After HBPC, my next rotation was Cardiology, my last clinical rotation before Staff Relief. For Cardiology, I worked with the dietitian who covered the in-patient Telemetry ward and the out-patient HemOnc clinic. This allowed me to get a little oncology nutrition experience, too.
It’s probably not a surprise to anyone who’s ever worked with cardiac patients, but I spent a lot of time encouraging patients to adopt a low-sodium diet. I spent a lot of time explaining that sea salt is just as bad as regular salt in terms of sodium content and reducing hypertension. For my patients who were cooks, I often went over different ways to prepare foods while cutting back the sodium content (using herbs instead of salt, looking for hidden salt in their seasonings, etc).

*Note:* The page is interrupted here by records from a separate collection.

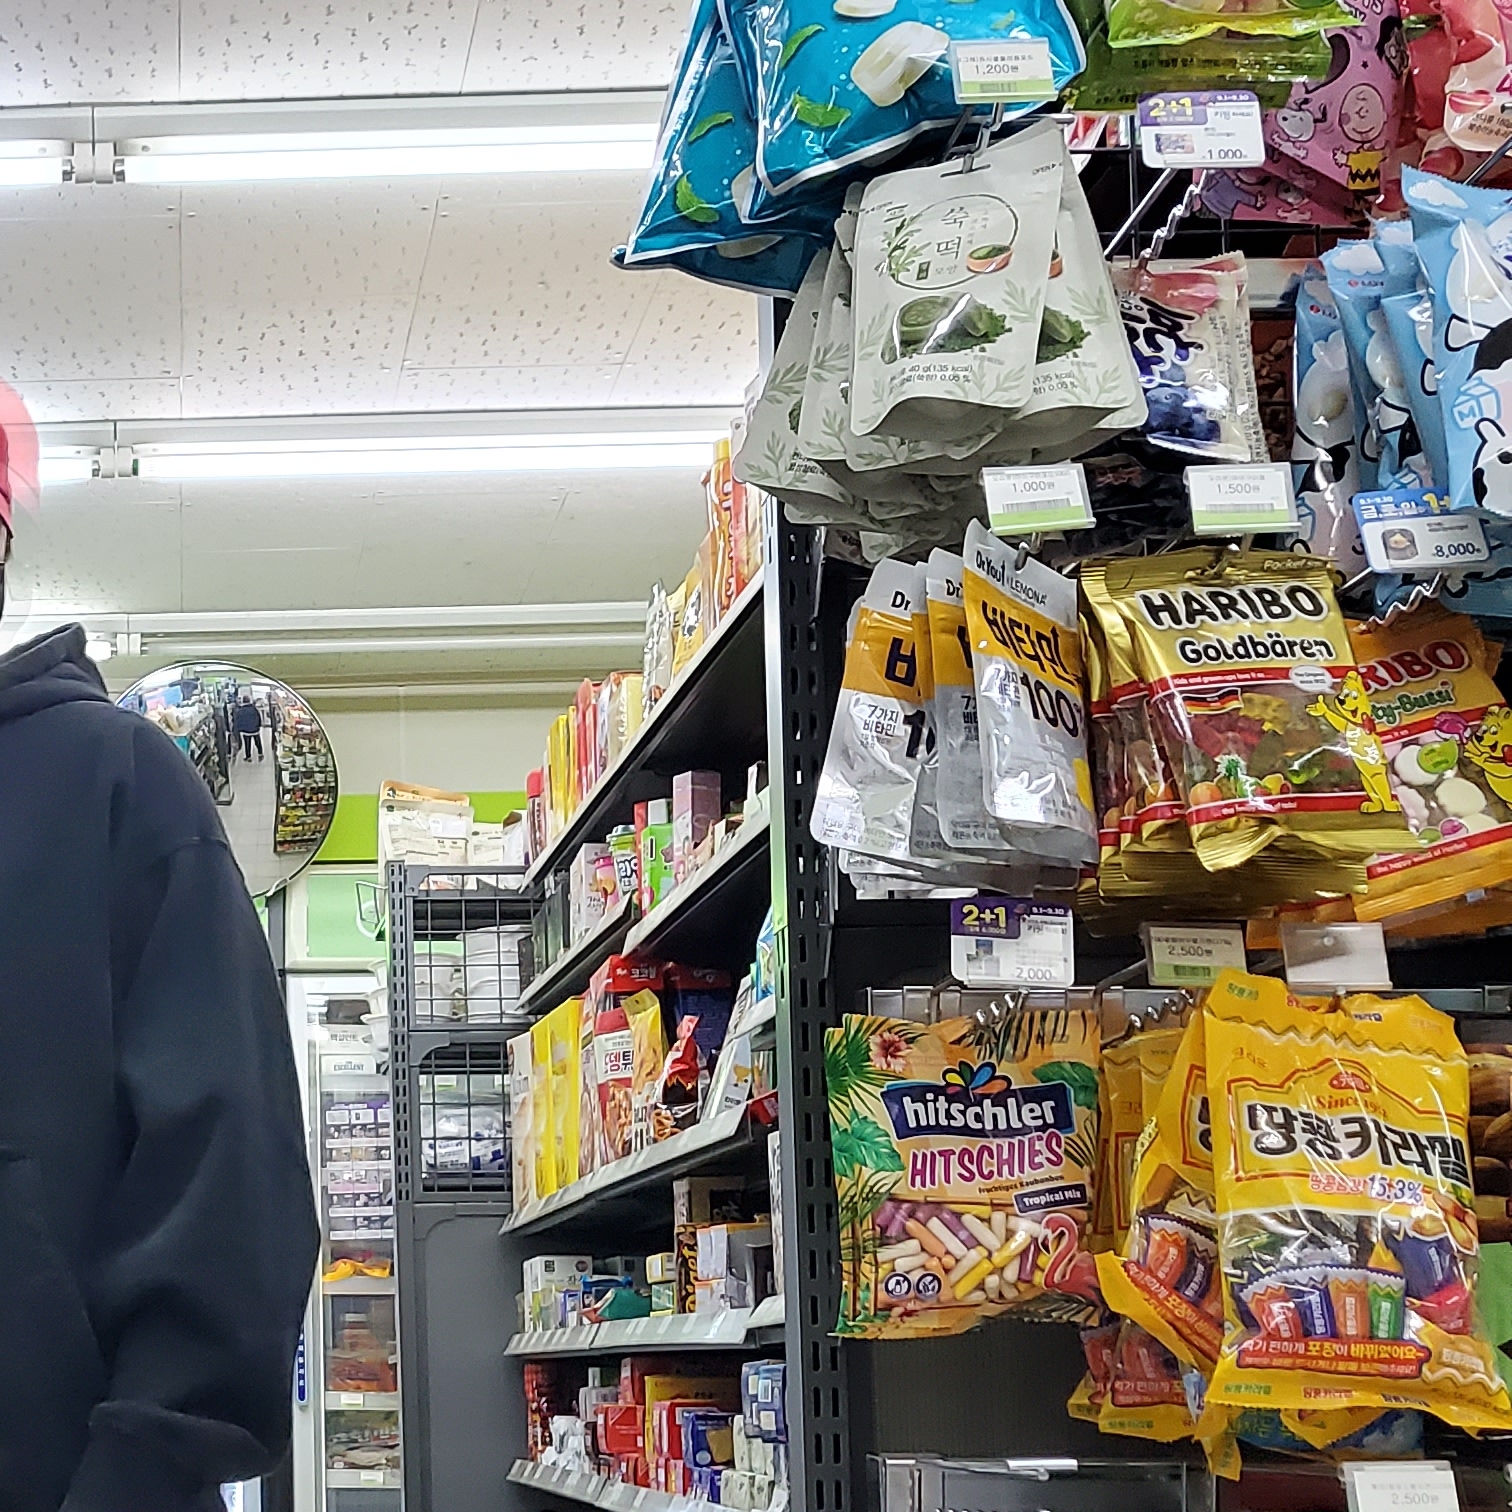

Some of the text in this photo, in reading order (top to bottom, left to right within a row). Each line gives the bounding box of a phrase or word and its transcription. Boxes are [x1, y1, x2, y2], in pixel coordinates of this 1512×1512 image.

[1148, 97, 1194, 117] 2+1
[1011, 480, 1055, 493] 1,000원
[1217, 482, 1260, 494] 1,500원
[1139, 584, 1324, 628] HARIBO
[1179, 633, 1335, 664] Goldbären
[1361, 639, 1468, 692] RIBO
[962, 905, 1006, 926] 2+1
[902, 1093, 1056, 1130] hitschler
[1246, 1103, 1472, 1188] 땅콩카라멜
[909, 1129, 1064, 1189] HITSCHIES
[1023, 1189, 1083, 1207] Tropical Mix
[1307, 1341, 1348, 1358] 포장이

For patients who didn’t cook and typically microwaved their food, I went over label reading, provided sodium guidelines for foods they purchased, and suggested ways they could reduce sodium in general. (A tip that everyone seemed to love and feel like they could manage was rinsing canned beans.)

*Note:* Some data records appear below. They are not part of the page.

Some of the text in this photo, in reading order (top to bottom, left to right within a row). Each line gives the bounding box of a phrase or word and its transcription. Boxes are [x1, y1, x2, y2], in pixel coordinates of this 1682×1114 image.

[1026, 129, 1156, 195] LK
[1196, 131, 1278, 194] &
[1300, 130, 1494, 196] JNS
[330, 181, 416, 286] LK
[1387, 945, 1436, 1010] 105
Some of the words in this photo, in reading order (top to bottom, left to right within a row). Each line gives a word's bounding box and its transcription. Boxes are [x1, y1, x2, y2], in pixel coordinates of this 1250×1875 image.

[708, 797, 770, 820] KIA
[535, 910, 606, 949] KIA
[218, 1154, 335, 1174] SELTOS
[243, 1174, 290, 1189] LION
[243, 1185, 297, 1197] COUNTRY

I also promoted the DASH diet a lot, spoke about reducing dietary cholesterol, reducing saturated fat, and fluid restrictions. Talking about reducing dietary cholesterol and saturated fat was primarily done with patients with hypercholesterolemia, since lately the link between saturated fat and heart health has been questioned. While diet recalls are always an important thing to gather during assessments, it felt like they were really important in Cardiology because I felt like more often than not the patient’s dietary and lifestyle habits had contributed to the CHF or CAD diagnosis.
In addition to nutrition education from me, patients also got nutrition and lifestyle education from a cardiac nurse. There were three who met with every patient who came in with a new diagnosis of CHF, CAD, or AMI. The lead cardiac nurse also managed the heart healthy lifestyle classes, where patients came for a once a week class on different topics to help improve heart health (exercise, nutrition, smoking cessation, medication management, etc). My preceptor and I taught the nutrition class which focused on a low-sodium diet. Initially, I was just supposed to observe, since the class was on my second day in the rotation and the other interns didn’t have the class until a week into the rotation, but I showed initiative (key thing to do in the internship, btw) and jumped right in. My preceptor told me she got good feedback on how well we played off each other and how good a team we made, which made me extremely happy to hear.

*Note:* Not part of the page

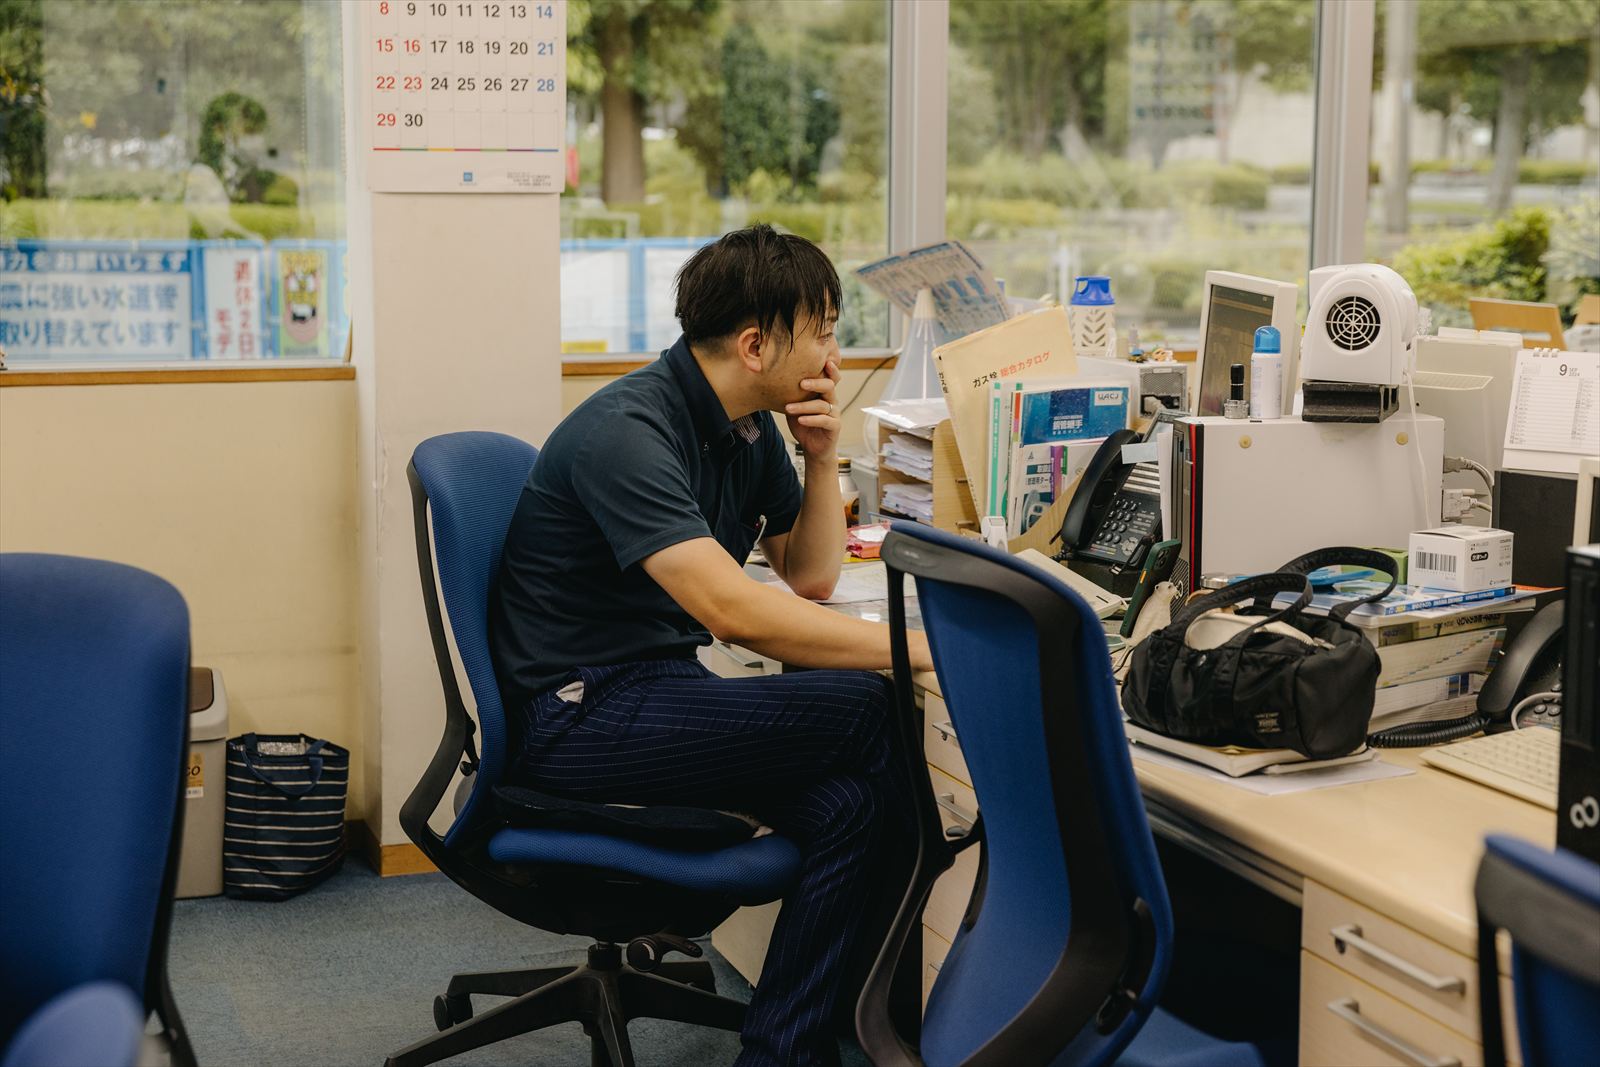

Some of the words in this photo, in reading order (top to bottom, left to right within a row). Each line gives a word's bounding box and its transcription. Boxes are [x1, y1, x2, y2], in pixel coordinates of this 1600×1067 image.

One of the best experiences in the Cardiology rotation was being able to watch a patient get a stent placed. This meant I ended up hanging out with the Cath Lab (video’s not of the lab I worked in but gives you an idea of what a cath lab is like) and the really cool team that works there. The day I was there, there were a couple of nursing students so I didn’t get to be in the actual room during stent placements (the surgery room was too small for that many people) and I ended up watching from the observation room. Still pretty cool since I could see and hear everything, plus a sales rep was there and he was able to explain everything that was happening. Because we had to wait for test results, I had some time before the procedure to ask questions, and afterwards, I spoke with the doctor who had done the procedure. I ended up spending most of the morning with the Cath Lab who were all very friendly and willing to explain everything to me. In the afternoon, I ended up providing nutrition counseling to the patient.
As for the bit of oncology nutrition experience, there was a lot of focus on just getting oncology patients to eat. Often, when going through treatment, patients lose their appetite, their taste changes, or they experience frequent nausea and vomiting. So you really have to focus on getting the patient to just eat so they have the energy to get better. Check out this guide from the American Cancer Society for more information about the challenges of food and nutrition during cancer treatment. We didn’t really talk about diet for cancer prevention – that’s something that after treatment was completed and the cancer in remission was covered by the outpatient dietitians.
For more information about nutrition as it relates to cardiac health, check out the American Heart Association’s Nutrition Center. For information about cancer prevention, check out the National Cancer Institute’s Division of Cancer Prevention website.